Book Read Free

Swamp Thing 2 - The Return of Swamp Thing

Page 3

by Peter David


  “Because,” said Bob, fighting to maintain his patience, “at night we have the element of surprise.”

  “Surprise!? We gotta find ’em before we can surprise ’em!”

  Angrily Chuck grabbed the map out of Bob’s hand and hurled it into the darkness behind them.

  If they’d been listening, they would have heard the map bounce off something before hitting the water.

  Something large and massive. Something inhuman.

  The blood. The blood was so close now.

  The Antibody moved through the swampblood toward the source of the infection now. It heard words being spoken, words that once upon a time would have made sense. Now, though, they were no more understandable than the buzz of the mosquitoes had been, back when the mosquitoes still buzzed. Back when there was noise in the swamp, instead of the silence that hung over it these dark days.

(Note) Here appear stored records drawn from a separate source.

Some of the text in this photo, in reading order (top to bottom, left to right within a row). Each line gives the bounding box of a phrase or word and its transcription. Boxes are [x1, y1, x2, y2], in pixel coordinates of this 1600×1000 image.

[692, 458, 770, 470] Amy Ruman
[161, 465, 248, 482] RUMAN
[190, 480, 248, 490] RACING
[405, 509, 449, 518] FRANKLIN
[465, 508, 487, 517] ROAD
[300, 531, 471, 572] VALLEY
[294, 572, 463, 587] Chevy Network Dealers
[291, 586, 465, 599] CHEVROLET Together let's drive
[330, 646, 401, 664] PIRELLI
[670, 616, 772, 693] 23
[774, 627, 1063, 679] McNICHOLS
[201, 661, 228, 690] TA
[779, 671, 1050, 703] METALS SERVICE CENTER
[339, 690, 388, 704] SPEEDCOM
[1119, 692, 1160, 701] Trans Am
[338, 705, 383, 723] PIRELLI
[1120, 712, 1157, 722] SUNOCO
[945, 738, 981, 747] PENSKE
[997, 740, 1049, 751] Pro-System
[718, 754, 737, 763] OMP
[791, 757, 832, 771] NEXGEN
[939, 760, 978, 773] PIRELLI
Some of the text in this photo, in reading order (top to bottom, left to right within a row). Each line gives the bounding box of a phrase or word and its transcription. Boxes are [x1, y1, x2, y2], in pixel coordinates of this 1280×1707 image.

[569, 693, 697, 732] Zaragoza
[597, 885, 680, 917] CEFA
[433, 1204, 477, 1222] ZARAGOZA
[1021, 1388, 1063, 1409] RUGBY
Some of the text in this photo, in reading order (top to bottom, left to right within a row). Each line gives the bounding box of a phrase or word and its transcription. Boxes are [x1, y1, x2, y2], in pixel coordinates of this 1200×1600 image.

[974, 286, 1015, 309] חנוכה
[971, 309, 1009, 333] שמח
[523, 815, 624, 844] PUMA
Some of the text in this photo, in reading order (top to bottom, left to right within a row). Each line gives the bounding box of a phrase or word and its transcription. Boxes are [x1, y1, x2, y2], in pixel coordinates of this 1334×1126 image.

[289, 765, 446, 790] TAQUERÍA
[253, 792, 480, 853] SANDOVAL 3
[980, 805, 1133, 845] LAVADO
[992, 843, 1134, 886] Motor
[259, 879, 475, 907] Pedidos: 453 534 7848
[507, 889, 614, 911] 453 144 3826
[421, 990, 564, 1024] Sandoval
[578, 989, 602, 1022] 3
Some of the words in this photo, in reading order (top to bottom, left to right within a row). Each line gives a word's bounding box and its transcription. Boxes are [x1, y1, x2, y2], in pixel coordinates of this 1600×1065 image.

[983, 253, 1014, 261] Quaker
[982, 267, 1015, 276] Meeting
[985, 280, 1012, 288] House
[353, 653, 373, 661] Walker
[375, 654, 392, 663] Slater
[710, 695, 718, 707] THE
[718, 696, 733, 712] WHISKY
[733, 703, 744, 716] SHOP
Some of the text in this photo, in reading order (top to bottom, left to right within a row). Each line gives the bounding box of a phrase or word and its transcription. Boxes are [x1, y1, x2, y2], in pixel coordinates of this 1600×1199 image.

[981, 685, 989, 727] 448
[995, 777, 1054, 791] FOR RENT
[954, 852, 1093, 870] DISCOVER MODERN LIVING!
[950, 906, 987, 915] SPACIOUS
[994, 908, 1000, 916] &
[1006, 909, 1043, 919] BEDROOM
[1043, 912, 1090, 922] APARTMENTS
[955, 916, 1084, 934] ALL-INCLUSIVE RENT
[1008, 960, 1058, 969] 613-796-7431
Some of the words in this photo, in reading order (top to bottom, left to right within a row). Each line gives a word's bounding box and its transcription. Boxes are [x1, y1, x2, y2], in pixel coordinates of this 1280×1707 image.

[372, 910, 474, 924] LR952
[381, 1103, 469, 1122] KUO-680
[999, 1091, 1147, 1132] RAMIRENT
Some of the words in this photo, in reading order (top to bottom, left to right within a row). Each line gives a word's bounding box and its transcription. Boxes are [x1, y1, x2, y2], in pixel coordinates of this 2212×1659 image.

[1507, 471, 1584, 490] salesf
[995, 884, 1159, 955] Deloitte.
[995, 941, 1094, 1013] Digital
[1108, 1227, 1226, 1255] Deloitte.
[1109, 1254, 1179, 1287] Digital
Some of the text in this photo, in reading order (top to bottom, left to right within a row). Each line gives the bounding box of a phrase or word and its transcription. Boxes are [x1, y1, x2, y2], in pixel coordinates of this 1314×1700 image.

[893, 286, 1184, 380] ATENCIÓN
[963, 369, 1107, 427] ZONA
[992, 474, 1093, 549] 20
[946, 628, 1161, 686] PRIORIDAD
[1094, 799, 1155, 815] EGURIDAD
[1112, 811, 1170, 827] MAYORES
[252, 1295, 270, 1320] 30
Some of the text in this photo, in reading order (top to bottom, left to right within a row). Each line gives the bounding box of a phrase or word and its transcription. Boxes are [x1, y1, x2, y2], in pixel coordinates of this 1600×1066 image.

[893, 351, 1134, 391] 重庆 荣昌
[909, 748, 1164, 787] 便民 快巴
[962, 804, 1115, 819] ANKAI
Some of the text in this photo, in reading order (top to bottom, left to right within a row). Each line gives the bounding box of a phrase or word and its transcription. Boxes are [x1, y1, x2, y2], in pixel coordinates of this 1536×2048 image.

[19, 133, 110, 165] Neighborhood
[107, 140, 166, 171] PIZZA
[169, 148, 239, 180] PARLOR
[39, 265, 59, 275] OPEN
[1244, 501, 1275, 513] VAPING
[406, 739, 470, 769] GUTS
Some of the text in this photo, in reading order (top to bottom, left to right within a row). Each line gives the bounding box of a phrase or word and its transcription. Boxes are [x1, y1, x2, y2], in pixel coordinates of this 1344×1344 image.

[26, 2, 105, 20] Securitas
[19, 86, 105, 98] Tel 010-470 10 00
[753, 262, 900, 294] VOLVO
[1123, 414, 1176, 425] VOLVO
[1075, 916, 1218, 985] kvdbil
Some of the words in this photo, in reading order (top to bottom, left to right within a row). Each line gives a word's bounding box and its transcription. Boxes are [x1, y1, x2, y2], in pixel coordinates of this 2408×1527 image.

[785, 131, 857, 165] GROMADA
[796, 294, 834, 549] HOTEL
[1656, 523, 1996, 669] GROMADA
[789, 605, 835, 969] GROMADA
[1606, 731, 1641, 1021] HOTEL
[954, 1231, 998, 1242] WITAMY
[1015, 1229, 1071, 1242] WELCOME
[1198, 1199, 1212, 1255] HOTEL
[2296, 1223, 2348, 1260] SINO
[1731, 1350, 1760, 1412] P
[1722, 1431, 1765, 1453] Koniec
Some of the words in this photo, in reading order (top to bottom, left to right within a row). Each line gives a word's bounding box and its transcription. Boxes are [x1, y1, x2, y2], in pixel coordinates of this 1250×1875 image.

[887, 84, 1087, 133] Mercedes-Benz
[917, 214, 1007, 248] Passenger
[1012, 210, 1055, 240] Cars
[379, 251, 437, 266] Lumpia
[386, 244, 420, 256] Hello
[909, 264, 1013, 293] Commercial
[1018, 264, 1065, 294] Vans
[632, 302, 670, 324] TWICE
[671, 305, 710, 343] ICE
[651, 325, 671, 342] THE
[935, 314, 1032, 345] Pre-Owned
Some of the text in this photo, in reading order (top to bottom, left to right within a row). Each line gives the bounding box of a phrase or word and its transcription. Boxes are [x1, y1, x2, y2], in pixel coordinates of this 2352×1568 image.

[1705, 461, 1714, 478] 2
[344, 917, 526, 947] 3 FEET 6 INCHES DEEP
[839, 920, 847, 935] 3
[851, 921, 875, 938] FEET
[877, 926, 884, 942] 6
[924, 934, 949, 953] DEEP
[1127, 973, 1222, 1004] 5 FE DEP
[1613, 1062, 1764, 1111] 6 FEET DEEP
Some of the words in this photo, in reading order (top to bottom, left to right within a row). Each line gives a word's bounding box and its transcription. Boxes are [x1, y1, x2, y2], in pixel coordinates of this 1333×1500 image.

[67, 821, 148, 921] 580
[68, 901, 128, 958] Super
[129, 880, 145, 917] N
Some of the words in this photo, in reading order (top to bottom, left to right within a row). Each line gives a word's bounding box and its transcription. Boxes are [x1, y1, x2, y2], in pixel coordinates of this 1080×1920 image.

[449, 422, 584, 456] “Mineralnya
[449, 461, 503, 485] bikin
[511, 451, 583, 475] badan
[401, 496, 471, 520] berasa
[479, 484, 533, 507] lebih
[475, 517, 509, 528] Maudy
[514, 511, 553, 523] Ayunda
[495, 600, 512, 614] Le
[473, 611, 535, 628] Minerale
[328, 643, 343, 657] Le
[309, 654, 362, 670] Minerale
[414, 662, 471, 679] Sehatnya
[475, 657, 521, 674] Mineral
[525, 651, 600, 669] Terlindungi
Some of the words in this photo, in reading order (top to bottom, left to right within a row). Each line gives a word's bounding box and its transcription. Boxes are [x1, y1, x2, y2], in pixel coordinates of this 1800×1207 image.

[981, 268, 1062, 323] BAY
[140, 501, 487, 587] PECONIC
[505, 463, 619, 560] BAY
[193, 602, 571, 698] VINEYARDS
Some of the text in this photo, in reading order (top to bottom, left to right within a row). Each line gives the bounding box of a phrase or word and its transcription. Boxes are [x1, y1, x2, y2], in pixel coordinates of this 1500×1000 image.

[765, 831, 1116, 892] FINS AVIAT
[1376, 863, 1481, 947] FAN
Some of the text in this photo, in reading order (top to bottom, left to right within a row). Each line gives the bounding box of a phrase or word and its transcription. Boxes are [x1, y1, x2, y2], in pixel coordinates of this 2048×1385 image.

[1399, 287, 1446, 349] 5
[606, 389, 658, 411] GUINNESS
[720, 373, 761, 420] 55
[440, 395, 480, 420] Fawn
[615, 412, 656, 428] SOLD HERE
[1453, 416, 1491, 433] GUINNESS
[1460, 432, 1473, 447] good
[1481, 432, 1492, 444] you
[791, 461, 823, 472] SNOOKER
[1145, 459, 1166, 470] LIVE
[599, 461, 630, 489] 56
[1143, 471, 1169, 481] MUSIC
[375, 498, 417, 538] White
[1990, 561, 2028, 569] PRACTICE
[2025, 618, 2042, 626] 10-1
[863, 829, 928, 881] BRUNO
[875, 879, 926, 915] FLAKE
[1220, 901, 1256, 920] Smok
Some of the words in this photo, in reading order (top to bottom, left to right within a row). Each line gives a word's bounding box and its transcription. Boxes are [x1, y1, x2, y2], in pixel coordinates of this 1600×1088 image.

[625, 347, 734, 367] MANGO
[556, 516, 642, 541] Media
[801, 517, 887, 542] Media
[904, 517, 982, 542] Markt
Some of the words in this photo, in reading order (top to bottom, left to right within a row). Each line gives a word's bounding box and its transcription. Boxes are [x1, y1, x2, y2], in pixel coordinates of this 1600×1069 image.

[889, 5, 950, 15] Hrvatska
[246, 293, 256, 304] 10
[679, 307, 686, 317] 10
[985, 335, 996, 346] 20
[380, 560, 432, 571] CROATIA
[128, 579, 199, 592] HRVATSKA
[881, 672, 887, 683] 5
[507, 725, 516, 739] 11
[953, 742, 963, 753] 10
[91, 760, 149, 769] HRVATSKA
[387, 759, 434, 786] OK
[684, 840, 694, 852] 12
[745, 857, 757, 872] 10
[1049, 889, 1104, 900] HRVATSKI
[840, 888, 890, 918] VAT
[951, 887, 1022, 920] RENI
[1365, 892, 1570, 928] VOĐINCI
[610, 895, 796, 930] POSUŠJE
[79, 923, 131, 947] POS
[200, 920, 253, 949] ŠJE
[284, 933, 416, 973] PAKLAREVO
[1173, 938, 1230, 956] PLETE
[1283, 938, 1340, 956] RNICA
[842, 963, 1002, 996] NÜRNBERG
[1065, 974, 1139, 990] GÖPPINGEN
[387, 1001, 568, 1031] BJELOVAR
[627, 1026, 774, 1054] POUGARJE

  Harry stepped in quickly. This couldn’t be allowed to progress. Chuck was getting married next month, for one thing . . . it wouldn’t do for him to be unemployed when that happened. Especially since this would be his second wife, and he was still paying alimony to the first. “Gentlemen, gentlemen,” he said placatingly. “you wanna kick the crap outta one another, fine. But do it back at the office.”

  The thought occurred to both men that back at the office they didn’t want to fight since there was no point, and right after that they realized there was even less point to fight now. Especially since if one of them happened to knock out the other, all that meant was somebody was going to have to haul an unconscious body through the swamp. Who needed that?

  “Hey, suits me,” said Chuck.

  “Fine,” replied Bob, grateful to Harry for the interruption, and making a mental note to thank him when they got back to the office. “Then let’s get back to the truck.”

  “Great,” said Harry, genuinely glad to leave this place behind.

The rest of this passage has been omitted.